At the end of the block, we had a war bride, Millie Parsons. As you can imagine, she and my mom spent 364 days of the year in wary truce. After all, their children played together. They had to get by each other on the street and at church. But on the seventeenth of March, the gloves came off. The minute that sound system crackled on at seven-thirty in the morning (early enough so my mom’s children could hear it on the way to school), Millie called the police and filed a complaint about noise abatement.
And so every year, at precisely 10 A.M., my mother called the Immigration Bureau and reported Millie Parsons as an illegal alien.
But other than that small aberration, my mom was pretty much the pacifist. After all, she’d grown up in another Irish family populated by boys, in which fists were the favored method of problem solving. And, truth be told, the Irish have a weensy bit of a reputation for brawling. The donnybrook was named after an Irishman, after all.
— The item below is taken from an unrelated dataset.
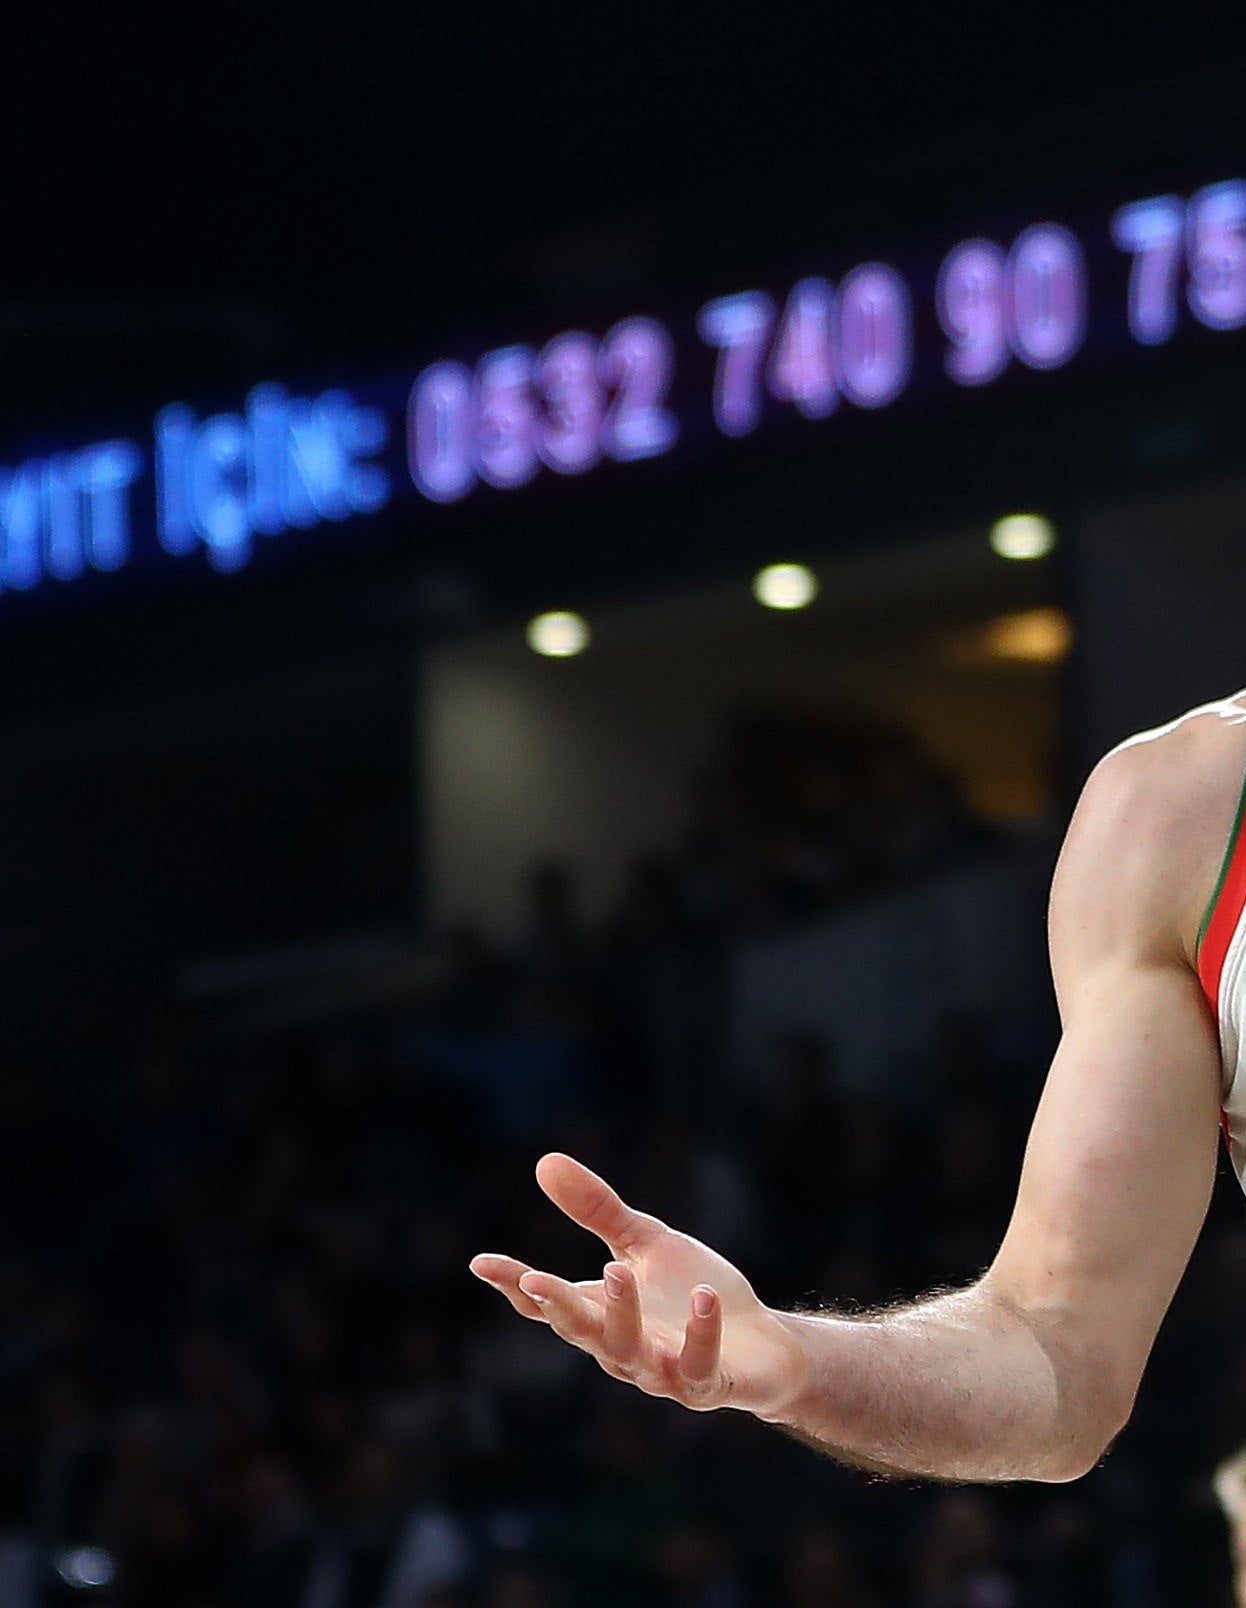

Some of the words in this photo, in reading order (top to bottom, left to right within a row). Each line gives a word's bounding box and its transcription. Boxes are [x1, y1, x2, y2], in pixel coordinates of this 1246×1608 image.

But it was my mother’s firm policy that she wouldn’t put anyone on the list—and there is nothing more dreaded than an Irish list—until she’d given them three good and honest chances to piss her off. (Okay, she never said “piss her off.” It didn’t take a lot to translate, though.)
After all, maybe the mother of the bully in my brother’s class had had a headache when she yelled at my mother for the turmoil her own son had caused. Maybe she had a miserable husband (she had). Maybe it was just one of those days.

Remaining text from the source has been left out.